Ever wonder how a fat man in a red and white suit came to be a central figure in the Christmas celebrations?  People in Santa suits are everywhere at Christmas time -- in malls listening to little children, on TV exhorting us to buy and buy, on street corners eliciting charity.

Santa Claus is based upon a real figure.  Bishop Nicholas was a devoted Christian about 1 700 years ago in what is now Turkey.  He was reputed to be especially kind to children and the poor.  Because he did not wish recognition for his good deeds, he often distributed gifts under cover of the night.


A famous story about St. Nicholas, is about a poor man who had no money to give to his three daughters on their wedding day. St Nick dropped bags of gold into the stockings which the girls had left to dry by the fire. The sisters found the gold and ever since, children have hung up stockings on Christmas Eve hoping that they will be filled with presents by Christmas morning.

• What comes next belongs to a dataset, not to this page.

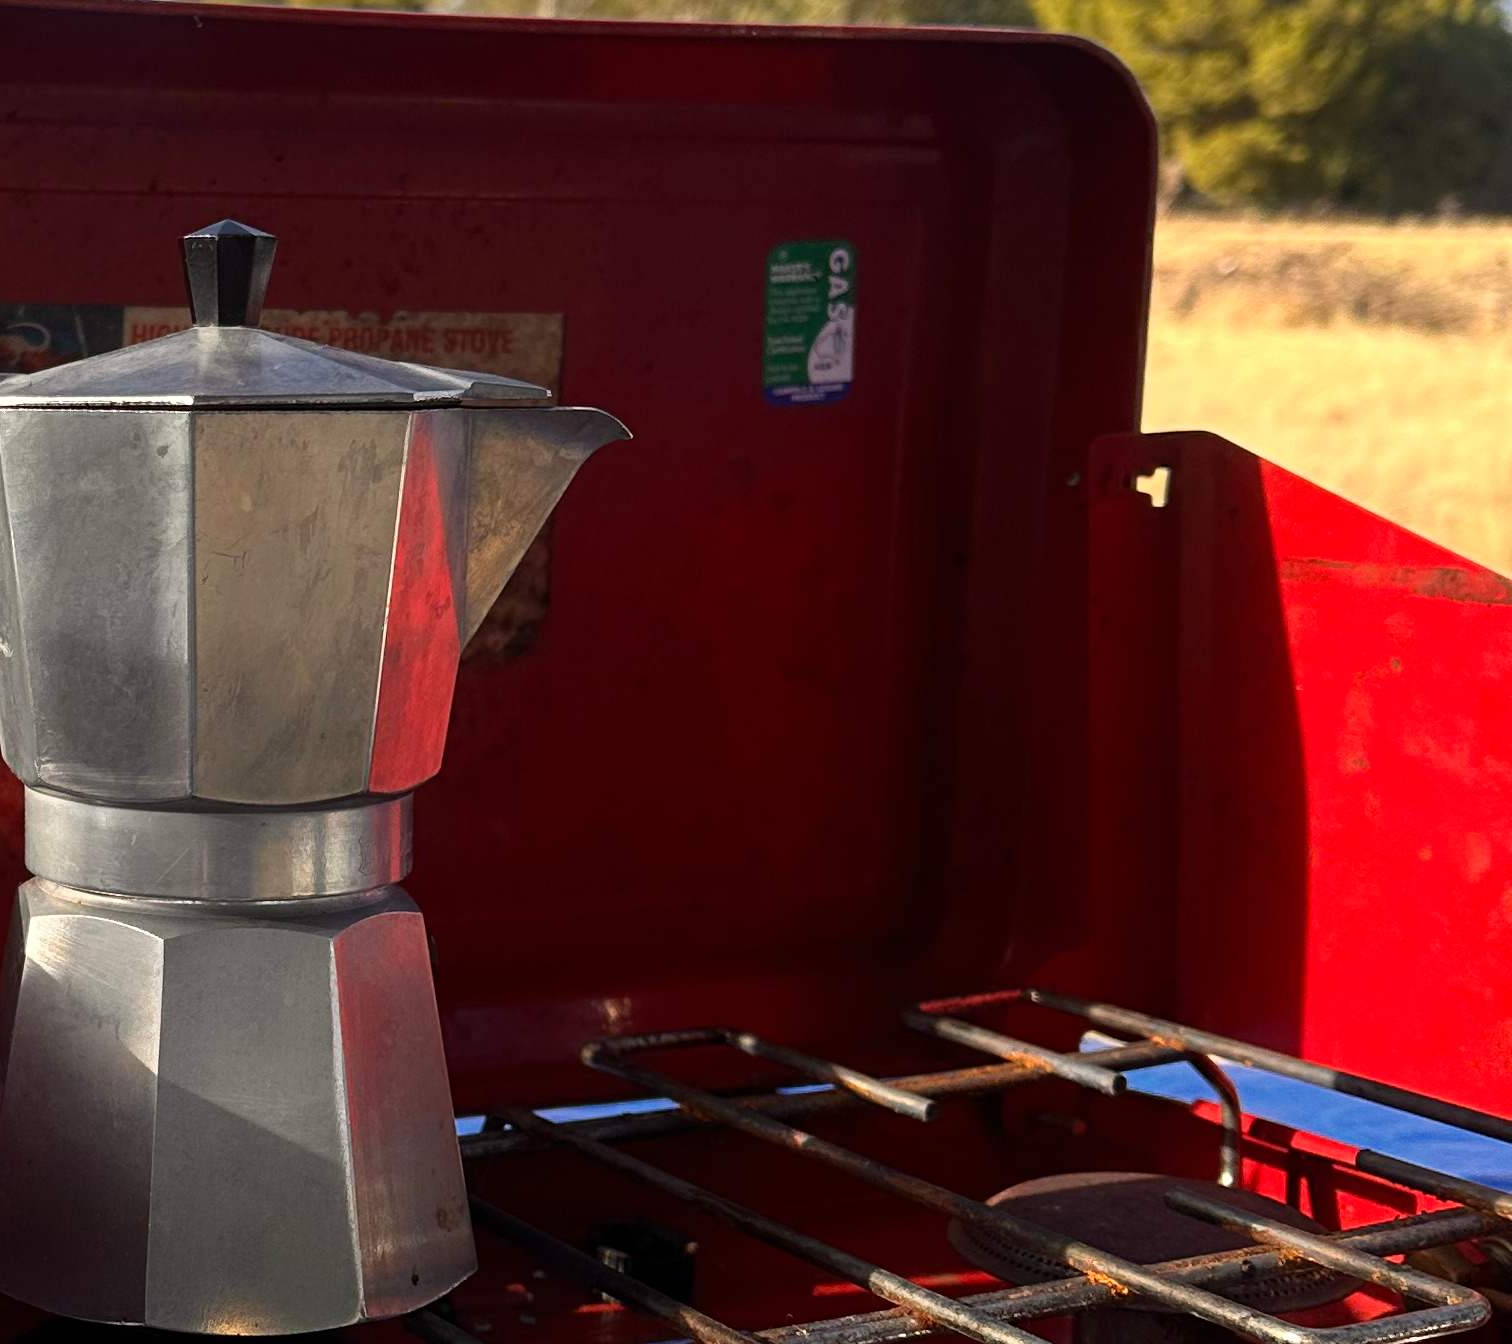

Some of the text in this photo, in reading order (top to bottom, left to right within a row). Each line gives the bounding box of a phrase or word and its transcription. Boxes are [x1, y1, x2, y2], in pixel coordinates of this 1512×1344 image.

[827, 247, 850, 322] GAS
[328, 327, 434, 354] PROPANE
[444, 328, 513, 355] STOVE
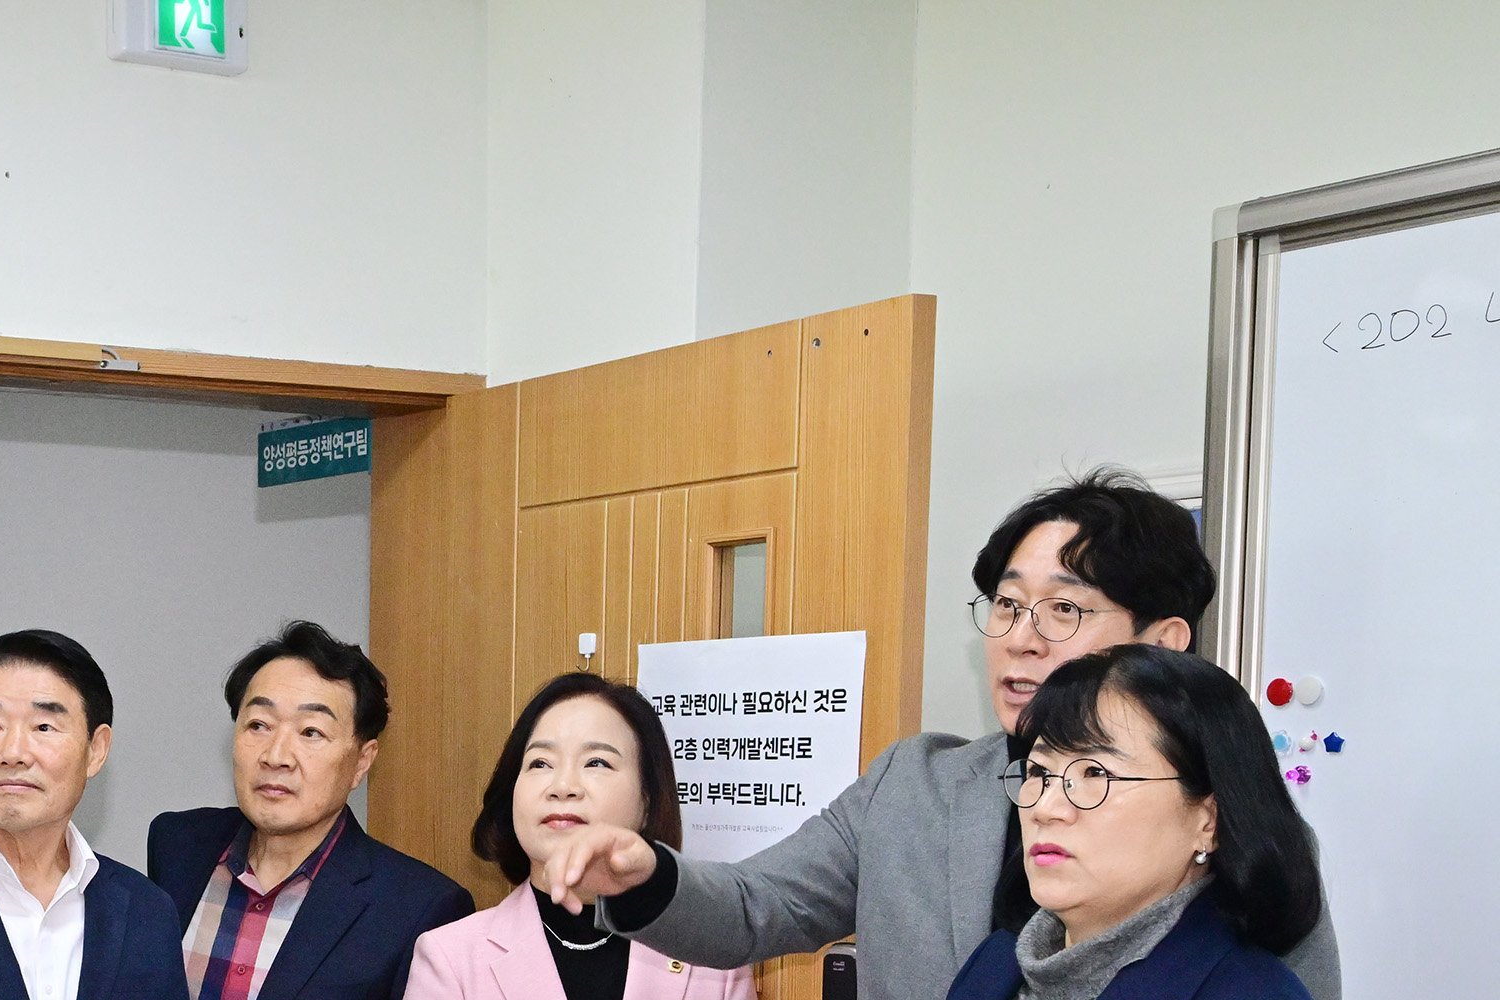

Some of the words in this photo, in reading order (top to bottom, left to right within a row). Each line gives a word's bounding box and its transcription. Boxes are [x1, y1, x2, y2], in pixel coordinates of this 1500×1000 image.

The Dutch are generally credited with popularizing the gift giving Christmas figure as Sinter Klaas(Santa Claus) who rode a magical white horse and distributed gifts to good little boys and girls.  He was accompanied by Zwarte Piet(Black Peter) who carried the book of deeds.  If the children had been bad, they would wake up to a piece of coal in their shoes instead of a treat.  In some versions, the naughty children would be beaten as well.
When Dutch settlers came to N. America, Zwart Piet was left behind in favour of a more benign Sinter Klaas.  By the mid 1800s, an image of a jolly, round elf was generally accepted.  In 1931 an effective ad campaign by Coca Cola forever cemented the image of a jolly, fat man in a red and white suit in N. America.
Whether he is known as St. Nick, St. Nicholas, Father Christmas or Santa Claus, he is a welcome, cheery figure in the Christmas Customs.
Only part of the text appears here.